Don't blame the teachers, blame the curriculum devisers. They have this habit of dumping stuff because some wrinkle in technology seems to have made it obsolete. Think of Latin: I still maintain that a couple of years of Latin would help English speakers understand their language better (as long as nobody was fool enough to try to impose Latin's grammar categories onto it).

Also keep in mind that the Golden Days less than 10% of 18-year-olds were in school. In Victorian days it was even worse: even at the end of Her reign less than half of the 14-year-olds got some schooling, never mind 18-year-olds. Secondary education was very much the preserve of the middle and upper classes. Now even in the UK well over half of

18-year-olds are finishing their secondary education, and in most of the developed world it's 80% or more. Do you think they're all capable of Euclid?
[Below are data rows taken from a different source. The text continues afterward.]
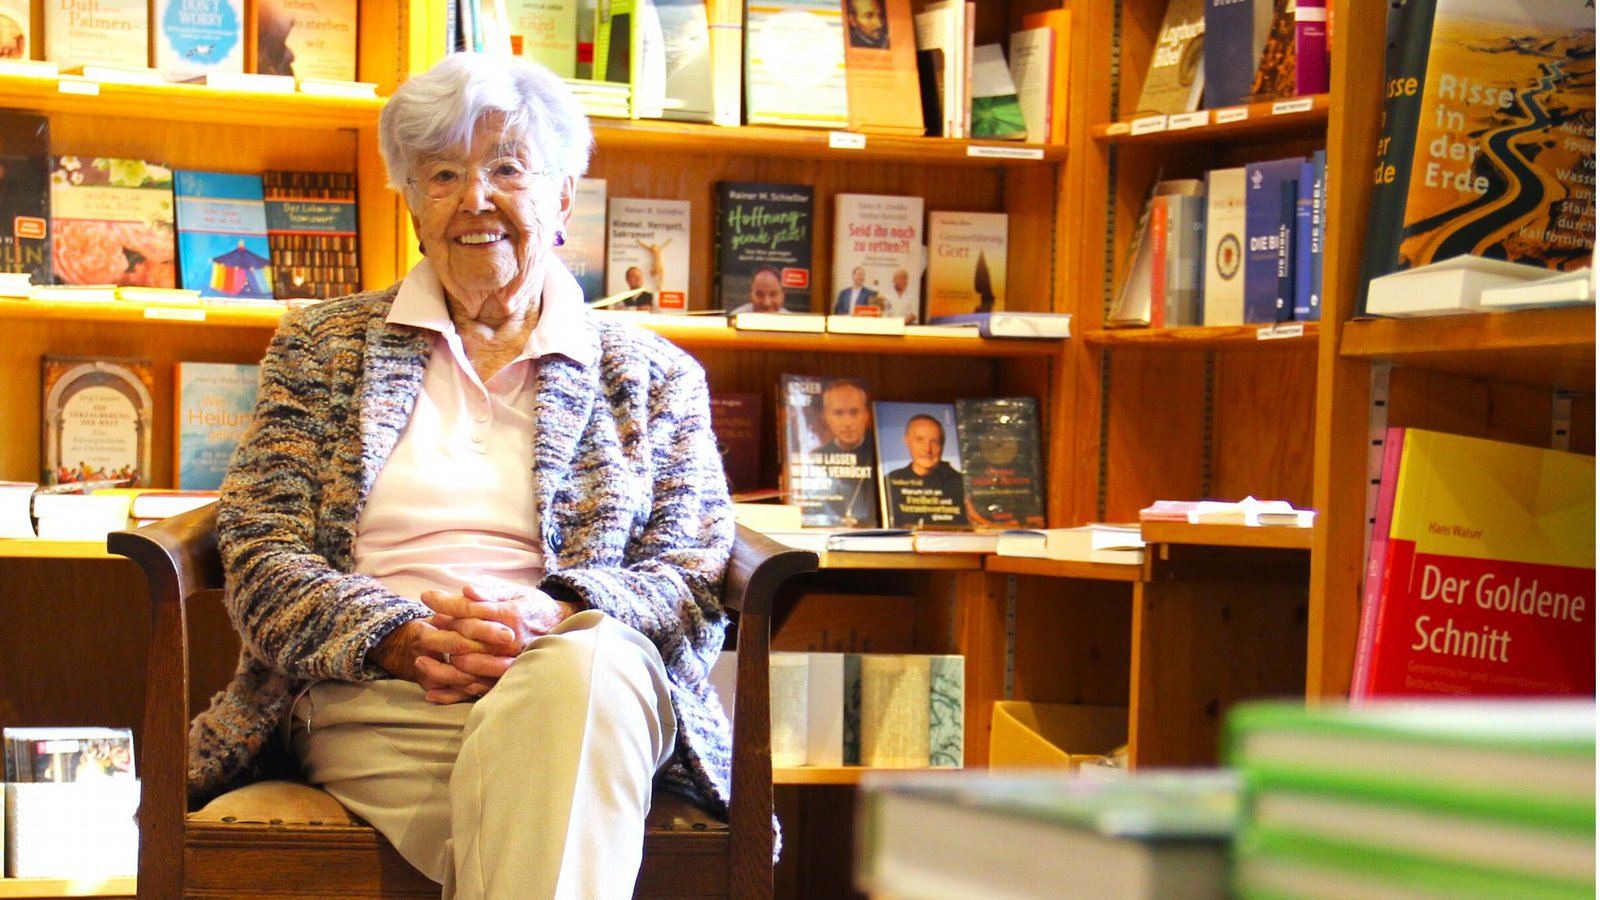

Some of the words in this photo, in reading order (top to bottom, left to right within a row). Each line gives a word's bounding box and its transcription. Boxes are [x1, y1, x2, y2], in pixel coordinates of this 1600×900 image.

[180, 10, 223, 26] WORRY
[306, 18, 349, 32] sterben
[520, 17, 555, 34] Engel
[1438, 73, 1515, 109] Risse
[1435, 104, 1465, 130] in
[1559, 121, 1584, 135] Auf
[1430, 135, 1482, 162] der
[1424, 162, 1490, 195] Erde
[729, 190, 757, 200] Rainer
[1312, 180, 1322, 224] BIBEL
[612, 219, 643, 230] Himmel,
[647, 221, 686, 232] Herrgott,
[612, 229, 656, 238] Sakrament
[849, 223, 871, 237] Seid
[874, 224, 888, 237] ihr
[891, 225, 916, 239] noch
[732, 227, 770, 250] gerade
[1250, 235, 1267, 251] DIE
[1311, 230, 1319, 253] DIE
[1519, 226, 1595, 249] Kalifornien
[854, 241, 866, 252] zu
[869, 240, 910, 255] retten?!
[938, 244, 970, 258] Gott
[824, 453, 858, 466] LASSEN
[827, 465, 873, 479] VERRÜCKT
[906, 496, 939, 505] Freiheit
[899, 503, 961, 515] Verantwortung
[1429, 521, 1451, 536] Hans
[1452, 523, 1483, 540] Walser
[1420, 564, 1471, 606] Der
[1475, 573, 1587, 622] Goldene
[1411, 615, 1512, 664] Schnitt
[1408, 660, 1469, 678] Geometrische
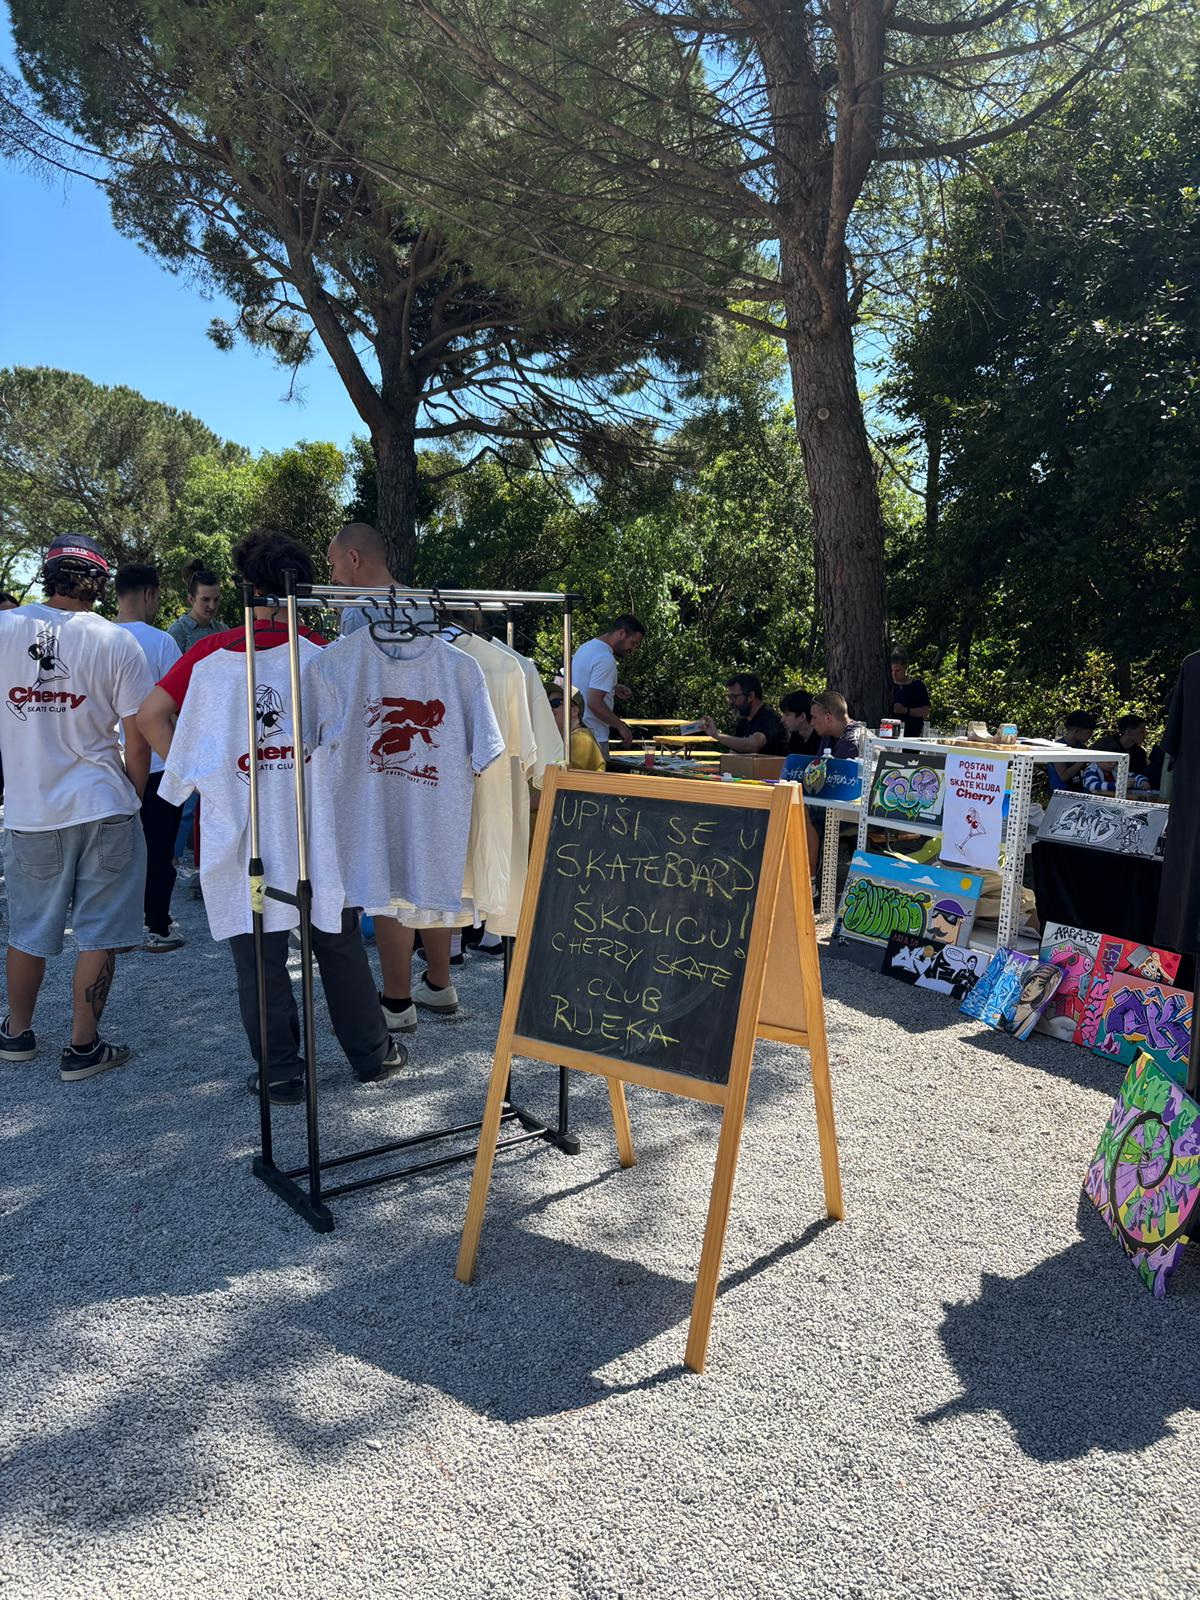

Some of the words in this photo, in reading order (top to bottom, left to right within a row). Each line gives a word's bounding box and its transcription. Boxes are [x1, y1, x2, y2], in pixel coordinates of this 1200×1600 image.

[8, 686, 87, 709] Cherry
[277, 763, 294, 771] CLU
[959, 761, 994, 772] POSTANI
[964, 769, 987, 781] ČLAN
[950, 778, 975, 789] SKATE
[975, 781, 1001, 793] KLUBA
[956, 788, 995, 805] Cherry
[561, 796, 640, 840] UPIŠI
[667, 817, 720, 846] SE
[741, 829, 758, 849] U
[556, 844, 755, 900] SKATEBOARD
[574, 882, 750, 959] ŠKOLICU!
[551, 933, 643, 972] CHERRY
[653, 954, 733, 988] SKATE
[587, 978, 662, 1012] CLUB
[551, 994, 680, 1048] RIJEKA
Not to mention the appallingly opaque notation used for geometry in the UK: I went to both English and Austrian primary schools, and I can tell you that the notations used back then were like a moonless night and thick fog on the one hand, and brilliant sunshine in a cloudless sky on the other. (I understand the UK uses modern notation now.)

Wolf K.

Reply to
Wolf K

Good point. By the time I taught at the secondary school level, atomic/chemical theory that was still in grad school 15 years earlier had been included into the senior science curriculum.

Wolf K.

Reply to
Wolf K

My own father, who was a specialist in remedial education, and on the curriculum development panel for his school opined that it was no longer necessary to teach mathematics because of the availability of cheap electronic calculators.
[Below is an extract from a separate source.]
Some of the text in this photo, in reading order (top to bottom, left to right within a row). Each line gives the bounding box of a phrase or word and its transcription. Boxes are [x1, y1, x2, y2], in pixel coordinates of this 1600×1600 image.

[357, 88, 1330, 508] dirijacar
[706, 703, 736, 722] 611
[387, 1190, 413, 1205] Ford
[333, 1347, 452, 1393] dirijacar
(Ignoring the matter of great concern that someone associated with curriculum development should have such a poor grasp of what mathemetics is all about!)

Reply to
gareth

When I left Uni in 1972 with an electronics degree (with a computer bias), this qualified me to be a programmer of minicomputers in assembly language.

My starting salary was £1.3K, and 4K of extra memory for the PDP-11 cost £2K

Nowadays, any unqualified electronic hobbyist can do the same with a PIC for £2, and graduate starting salaries are £20K!

Reply to
gareth

Are you saying that in Austria the railhead is 100mm (i.e. approx 4 inches) wide?

Reply to
Jane Sullivan

Unfortunately, of course, not everyone does use the same designations. This is particular irritating for model railways, whose track components, rolling stock and even built track travel the world very readily.
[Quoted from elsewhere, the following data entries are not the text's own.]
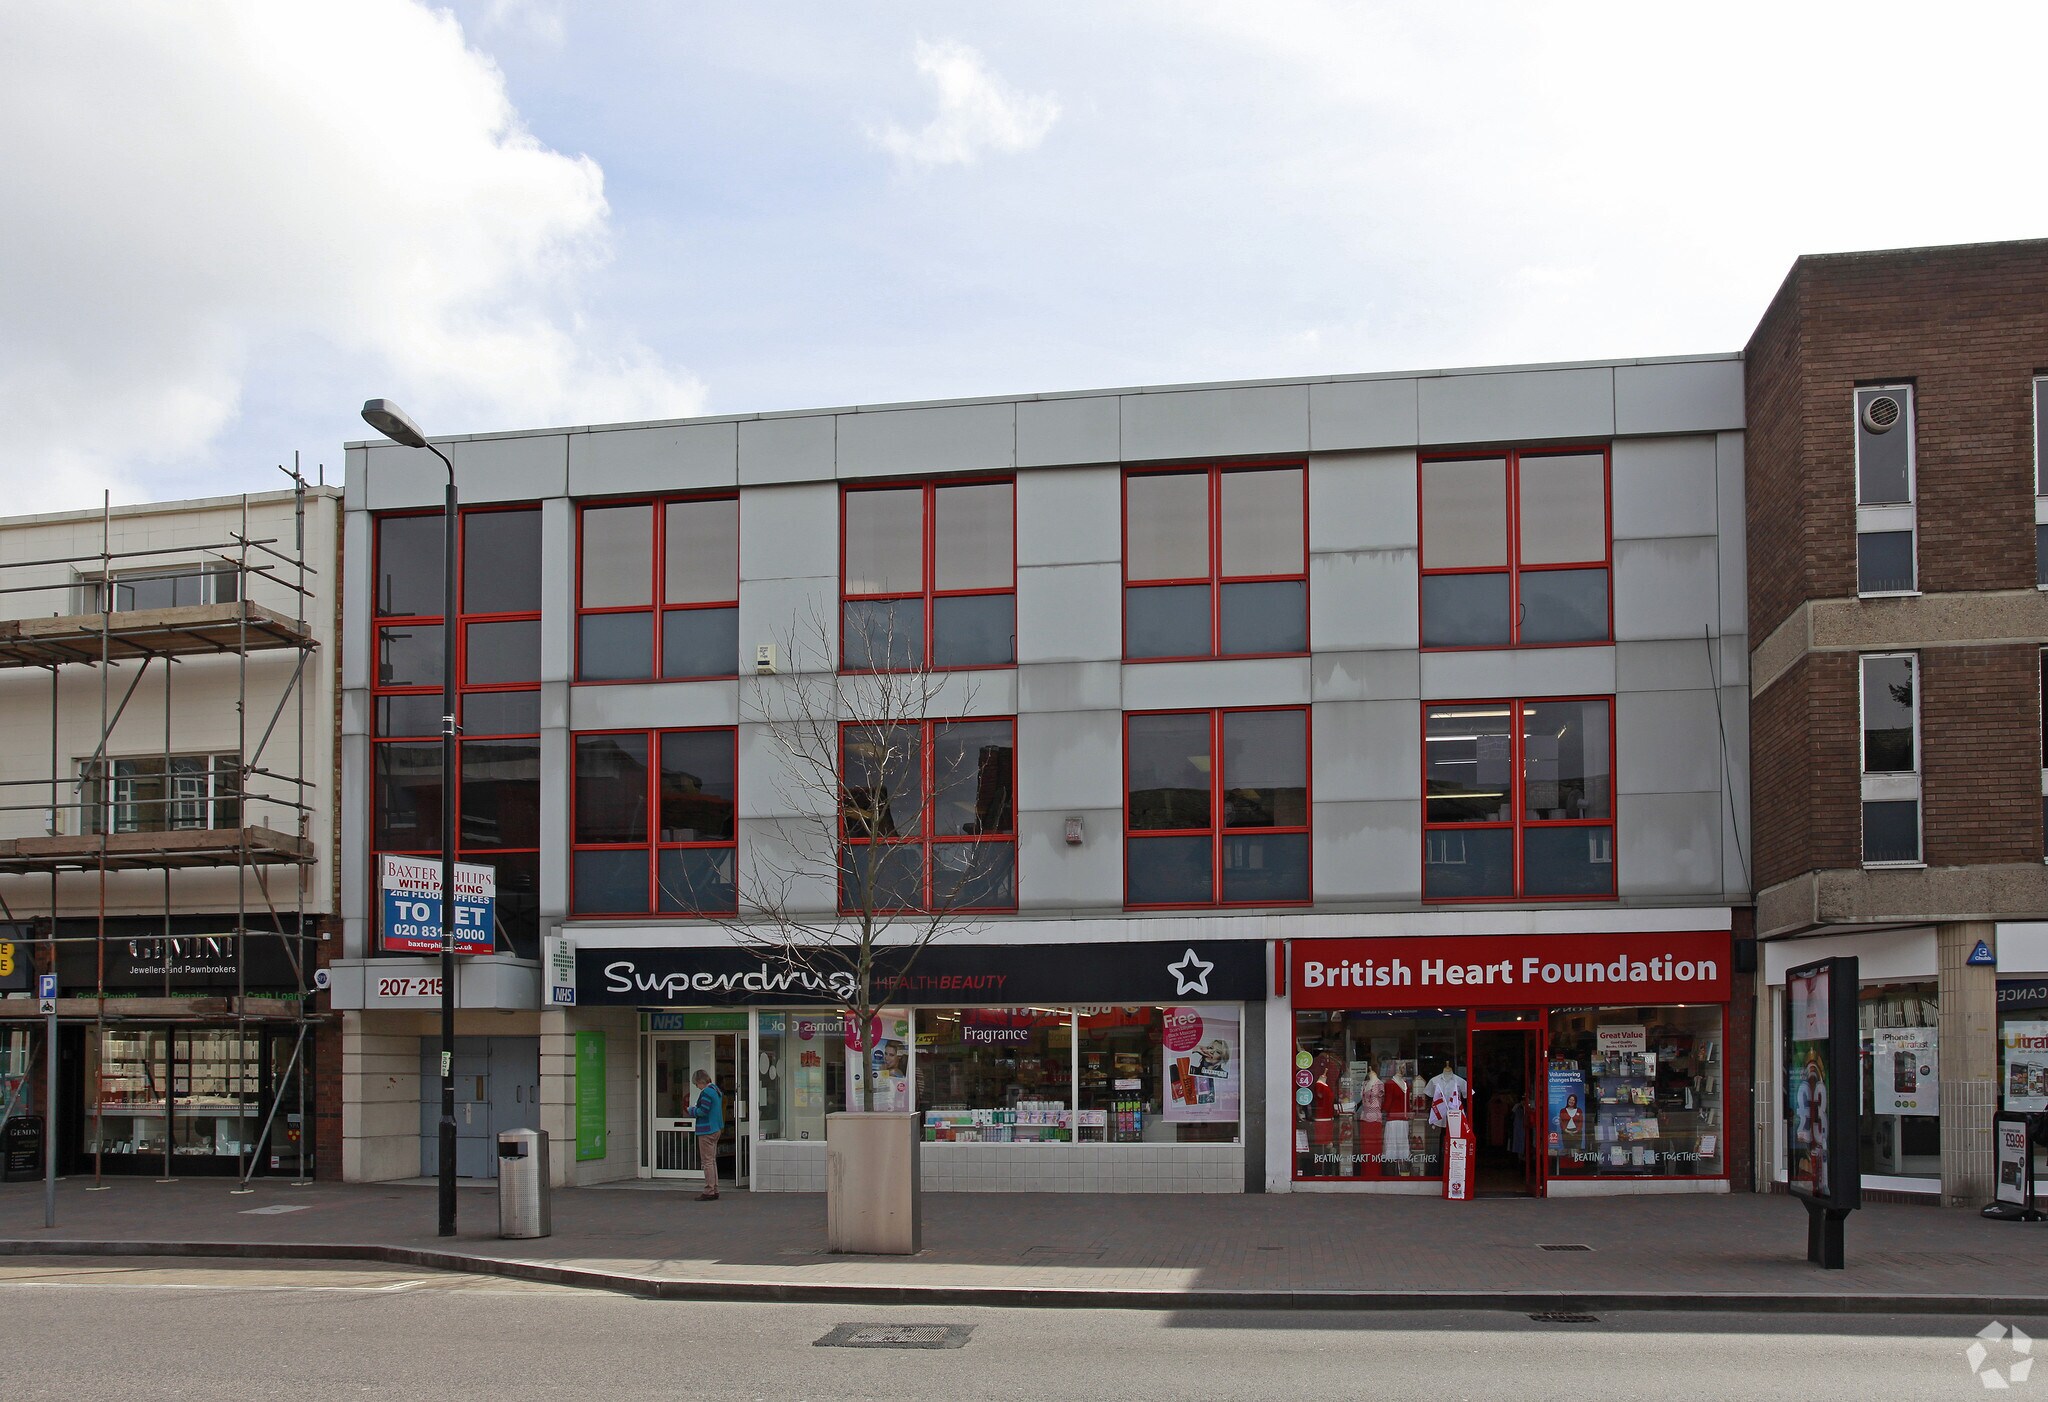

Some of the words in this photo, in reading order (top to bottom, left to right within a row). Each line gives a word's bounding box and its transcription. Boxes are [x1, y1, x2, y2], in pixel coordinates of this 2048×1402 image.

[388, 862, 437, 880] BAXTER
[454, 871, 492, 885] HILIPS
[399, 879, 429, 890] WITH
[433, 883, 483, 894] PKING
[390, 889, 409, 897] 2nd
[453, 894, 490, 904] FFICES
[395, 901, 431, 922] TO
[394, 924, 418, 936] 020
[421, 926, 450, 937] 831
[456, 929, 485, 940] 9000
[129, 965, 167, 975] Jewellers
[185, 964, 237, 974] Pawnbrokers
[1303, 958, 1412, 987] British
[1421, 958, 1514, 986] Heart
[1522, 953, 1717, 984] Foundation
[43, 977, 55, 997] P
[603, 961, 861, 999] Superdrug
[555, 988, 573, 1002] NHS
[653, 1015, 683, 1029] NHS
[1163, 1013, 1197, 1028] Free
[963, 1026, 1028, 1043] Fragrance
[1621, 1031, 1643, 1039] Value
[1882, 1033, 1908, 1041] iPhone
[1299, 1076, 1309, 1085] £4
[10, 1128, 39, 1136] GEMINI
[2005, 1132, 2025, 1149] £9.99
[1313, 1153, 1342, 1164] BEATING
[1347, 1153, 1370, 1163] HEART
[1574, 1152, 1604, 1163] BEATING
[1661, 1152, 1701, 1162] TOGETHER
The fact that you have to know the length between "stations", and that there isn't a standard answer, makes the "degrees of curvature" particularly poor. And "#1" vs "#3" etc. is of course abysmal.

The radius on the other hand is unambigous, and if you need to convert it to something else it's a trivial moment with a calculator.

Reply to
Ian Jackson

I do so agree regarding the dumping argument. I lived through significant decades of continuous education at degree and post degree levels. This because of the changeing requirements of "the state of the art"! I was into my forties when I realised that no matter how promoted I had been there was still no one following me who could apply principles to a problem. My grand children withtheir fistfulls of "A" levels had less useful maths and science than a 4th year apprentice in my world. At own childrens secondary school they taught computer mathematics (sets etc) to uncomprehending kids who could not add, subtract or divide! The science teachers were at constant war with the maths guys over this problem not to mention the "english" dept who had given up on spelling thus making scientific explanations rather haphazard! Things had become so bad at one point that I was holding remedial A level maths and physics classes at the local library! At that time I blamed the over population of schools by female staff

--- I have had no reason to change my view this 40 years on!

Reply to
Sailor

So, not a hope, then, of applying etymology to the word, "entomology"? :-)

Reply to
gareth

I said "roughly". In terms of a 1,000 m radius, that's close enough, I think. ;-) It's the same order of magnitude as the rail's head. The rail's head is actually about 2-1/2" wide, just like everywhere else.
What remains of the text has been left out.